Nella prima giornata di esame psichiatrico in carcere per Giovanni Limata e Elena Gioia, i due ragazzi accusati dell'omicidio di Aldo Gioia, vengono fuori forse i caratteri diversi dei due.

Nella saletta dalle pareti bianche, con il tavolino al centro e poche sedie di ferro, è il dramma di due giovani che torna in scena. E la domanda che aleggia resta la stessa: «Perché l'avete fatto?».

Lui più chiuso, quasi scontroso, comunque con quelle gravi difficoltà di relazione che erano venute fuori anche nel corso delle udienze; lei forse rinfrancata dal diploma di maturità in scienze dell'educazione e scienze sociali, conquistato questa estate, sembra più avvezza a raccontarsi.

Appare oggi capace di guardare ad un'ipotesi di futuro, ha confidato ai suoi che potrebbe iscriversi all'università. 

È soltanto il primo dei colloqui a cui si sono sottoposti al carcere di Bellizzi ieri mattina. 

Elena si è presentata alle 11,40. Circa un'ora dopo Giovanni. Alle 14 i colloqui si sono chiusi.

In nove fra avvocati e medici ad assistere alla seduta con il perito nominato dal presidente della Corte d'Assise, lo psichiatra Giuseppe Sciaudone.
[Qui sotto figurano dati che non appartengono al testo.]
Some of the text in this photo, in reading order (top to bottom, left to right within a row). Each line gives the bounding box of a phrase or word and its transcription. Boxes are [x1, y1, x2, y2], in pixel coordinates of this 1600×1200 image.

I ragazzi, uno alla volta, sono sfilati davanti allo psichiatra che aveva negato al pm l'utilizzo di una telecamera per videoregistrare la seduta.

Elena ha parlato della vicenda che le ha trasformato la vita, ma anche del rapporto con quel giovane così distante da lei per estrazione sociale, cultura e con il quale aveva stabilito una relazione.
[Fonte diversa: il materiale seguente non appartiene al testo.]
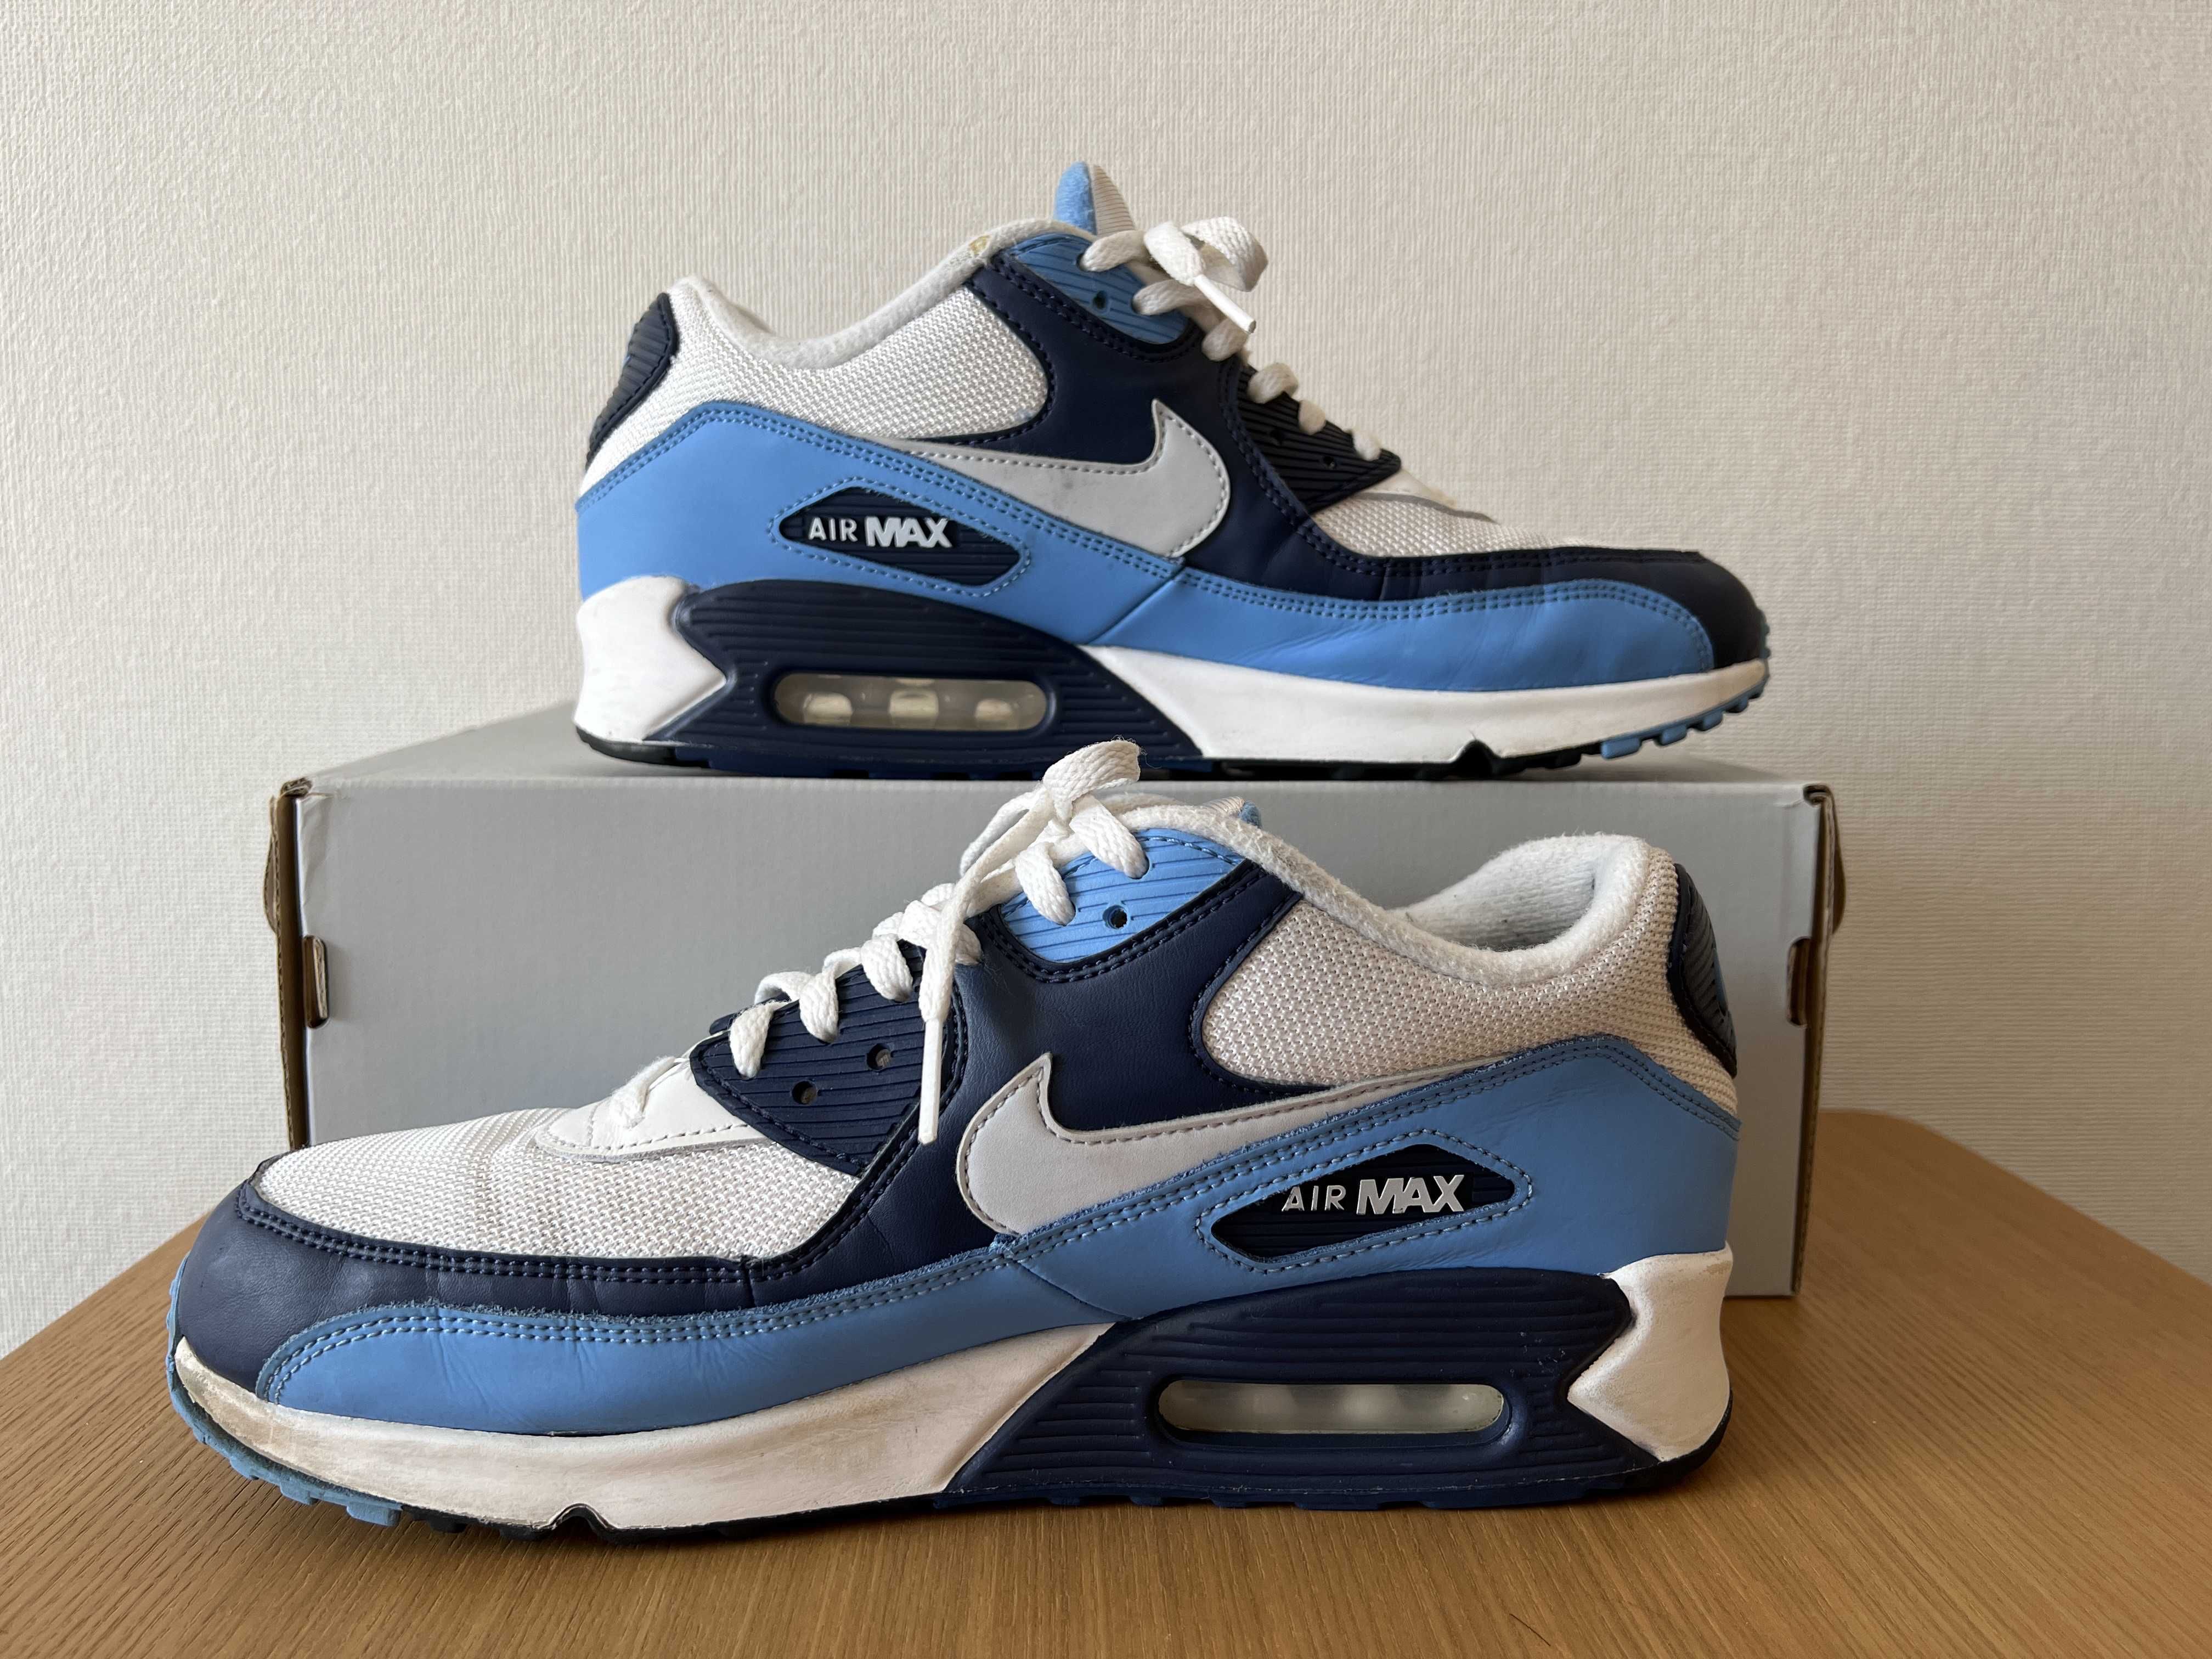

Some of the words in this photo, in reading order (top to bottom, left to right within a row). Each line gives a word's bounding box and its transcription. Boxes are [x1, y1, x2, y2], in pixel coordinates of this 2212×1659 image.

La natura di quella relazione, ma sopratutto le origini profonde della necessità di quel legame, è la materia da scandagliare da parte dello specialista chiamato dalla Corte. Si dovrà ricostruire il rapporto tra i due a partire dalle considerazioni che gli psichiatri - quelli delle parti, quello del Pm - hanno man mano potuto avanzare in questi mesi. 

Giovanni a sua volta, in maniera più involuta, ha espresso stati d'animo e emozioni ripercorrendo i fatti di quella serata drammatica dell'aprile di un anno fa. Giovanni soffre di crisi che hanno portato i suoi legali a chiedere perizie per verificare la compatibilità della sua condizione con il regime carcerario. La Corte non ha però accolto questa richiesta. Ieri il primo contatto con lo specialista: non è potuto andare oltre l'illustrazione del suo compito ai due giovani e ha posto qualche domanda preliminare. Si trattava di stabilire se la «follia a due», di cui si è parlato a lungo nel corso delle udienze di quest'anno, in che maniera abbia effettivamente influito su comportamenti, decisioni, scelte dei due giovani. 

Lei è stata vittima di una condizione di subalternità a quel giovane che apparentemente era così sicuro di se? Oppure era lui a subire le decisioni di una ragazza esacerbata dal buio che percepiva nei rapporti familiari? Sarà la giornata del 10 novembre, probabilmente, quella decisiva, nella quale ai giovani si chiederà di entrare di più nel merito della vicenda che li ha portati in carcere. Il 25 gennaio prossimo è stata fissata l'udienza di rinvio nella quale si discuterà della perizia di Sciaudone, che potrebbe essere pronta e quindi depositata già nella prima decade di gennaio del 2023.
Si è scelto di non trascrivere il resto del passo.